At the high school, 45 percent of students overall said they feel like they belong at their school. The rate was lower for female students (37 percent), TNBGNC (26 percent), and LGBQ+ (32 percent).

The survey also looked at perception of risk and harm from substance use, Sunderland said. The perception of risk and harm among students themselves dropped for all three categories for both middle and high school. At the high school 64 percent said they see alcohol as harmful, 51 percent for marijuana, and 78 percent for vaping. At the middle school the rate was 64 percent for alcohol, 70 percent for marijuana and 78 percent for vaping.

The rate of perceived parental disapproval for using substances for high school students remained about level for marijuana (88 percent) and vaping (89 percent), but the rate for alcohol dropped from 98 percent in 2021 to 76 percent in 2023.

The perceived disapproval by peers for using substances rose slightly in the high school for marijuana (59 percent) and vaping (60 percent), but dropped for alcohol from 69 percent in 2021 to 47 percent in 2023.

The rate of high students reporting they had a trusted adult remained similar in school (62 percent) and at home (81 percent in 2023) but went down for in the community (86 percent in 2021 and 60 percent in 2023).

“Youth needs adults in their lives — caregivers, adults in school, adults in the community — who they trusted to listen and support them without judgement,” Sunderland said. “However, those adults are difficult to identify. We have not heard that before. It’s more recent. We don’t know how to judge who is a trusted adult. We don’t know what that recipe looks like.”

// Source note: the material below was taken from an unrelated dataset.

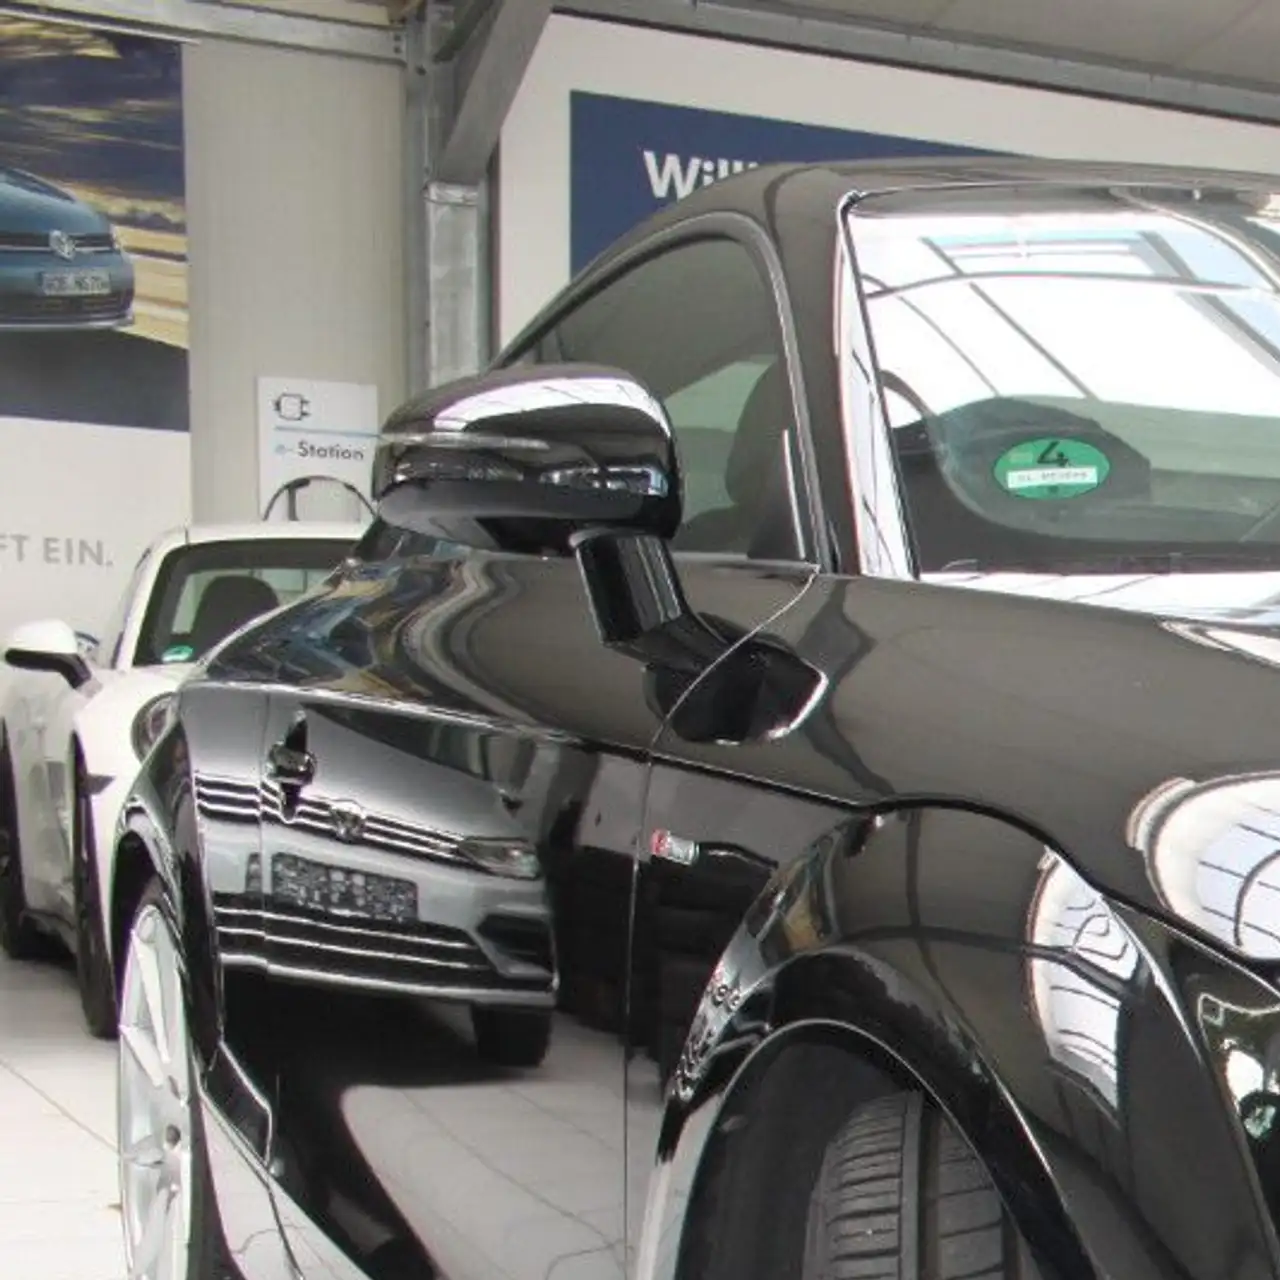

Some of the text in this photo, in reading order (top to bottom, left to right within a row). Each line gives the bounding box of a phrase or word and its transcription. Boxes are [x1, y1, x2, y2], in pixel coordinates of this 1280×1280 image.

[298, 441, 364, 460] Station
[1037, 441, 1069, 468] 4
[43, 537, 114, 567] EIN.

Superintendent Dede Galdston said school officials have taken seriously the data showing low percentages of students feeling of belonging and having trusted adults.

“We see the data. We see that we want to have all of our students feel like they belong and we know we have to try different approaches,” Galdston said. “That’s what the large focus is for this year and for more years to come. We are working on it.”

The high school and middle school have looked to see if any adults feel like they have a strong relationship with an individual student, and if there are students who do not have one the schools are trying to find how to connect with them, Galdston said. It may not be a teacher or guidance counselor, she said.

One change is the advisory systems at the middle and high schools, and not relying on just having the home room teacher be the advisor.

“We are tapping into, at the middle school and high school, to all staff, school social workers, guidance counselors, some of the (instructional aides) have volunteered to be advisors,” Galdston said. “It is more about, ‘Who do you have affinity with?’ and ‘Who you can build a relationship with?’ and that’s why we are breaking it down into smaller groups.”

The district also is implementing a restorative justice training for staff from PreK to 12th grade. Galdston said the district seeks to create a space structure and have a space where students can feel open and talk about what they are feeling. The pilot program will be at Watertown Middle School, and will move it into the high school, as well as to the elementary schools.